_Dataset records_
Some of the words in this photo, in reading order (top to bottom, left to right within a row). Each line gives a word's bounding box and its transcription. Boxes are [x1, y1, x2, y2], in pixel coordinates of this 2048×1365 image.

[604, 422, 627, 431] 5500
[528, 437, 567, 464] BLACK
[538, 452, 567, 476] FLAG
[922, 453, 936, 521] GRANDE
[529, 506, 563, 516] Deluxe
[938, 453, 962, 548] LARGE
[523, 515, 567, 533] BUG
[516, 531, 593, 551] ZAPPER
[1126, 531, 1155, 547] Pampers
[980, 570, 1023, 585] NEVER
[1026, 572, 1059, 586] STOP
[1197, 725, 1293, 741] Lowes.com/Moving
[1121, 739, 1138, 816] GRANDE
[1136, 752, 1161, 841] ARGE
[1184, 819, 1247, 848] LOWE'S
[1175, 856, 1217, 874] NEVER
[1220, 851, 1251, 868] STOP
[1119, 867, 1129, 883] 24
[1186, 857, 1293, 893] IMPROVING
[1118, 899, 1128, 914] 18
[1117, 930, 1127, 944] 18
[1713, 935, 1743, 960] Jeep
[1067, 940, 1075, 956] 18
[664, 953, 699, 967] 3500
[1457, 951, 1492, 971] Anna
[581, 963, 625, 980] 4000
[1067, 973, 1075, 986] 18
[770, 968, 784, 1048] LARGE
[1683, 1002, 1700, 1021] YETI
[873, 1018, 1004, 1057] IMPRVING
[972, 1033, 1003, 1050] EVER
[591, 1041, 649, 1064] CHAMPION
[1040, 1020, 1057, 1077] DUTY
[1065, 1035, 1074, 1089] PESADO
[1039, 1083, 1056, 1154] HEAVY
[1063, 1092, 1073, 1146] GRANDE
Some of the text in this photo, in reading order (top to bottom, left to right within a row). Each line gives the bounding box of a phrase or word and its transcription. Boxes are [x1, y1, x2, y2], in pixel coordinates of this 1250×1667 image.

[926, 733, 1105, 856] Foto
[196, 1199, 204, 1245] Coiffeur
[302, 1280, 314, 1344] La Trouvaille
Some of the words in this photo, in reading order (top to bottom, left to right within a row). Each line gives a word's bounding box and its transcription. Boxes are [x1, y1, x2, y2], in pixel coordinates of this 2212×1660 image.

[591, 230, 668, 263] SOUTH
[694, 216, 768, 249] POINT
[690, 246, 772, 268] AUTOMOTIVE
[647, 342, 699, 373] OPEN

_Exercise instructions_
A faithful copy of the lines from the line containing "this 2212×1660 image." to the end of the data should be set down, both ends included, and nothing more.

_Answer box_
Some of the words in this photo, in reading order (top to bottom, left to right within a row). Each line gives a word's bounding box and its transcription. Boxes are [x1, y1, x2, y2], in pixel coordinates of this 2212×1660 image.

[591, 230, 668, 263] SOUTH
[694, 216, 768, 249] POINT
[690, 246, 772, 268] AUTOMOTIVE
[647, 342, 699, 373] OPEN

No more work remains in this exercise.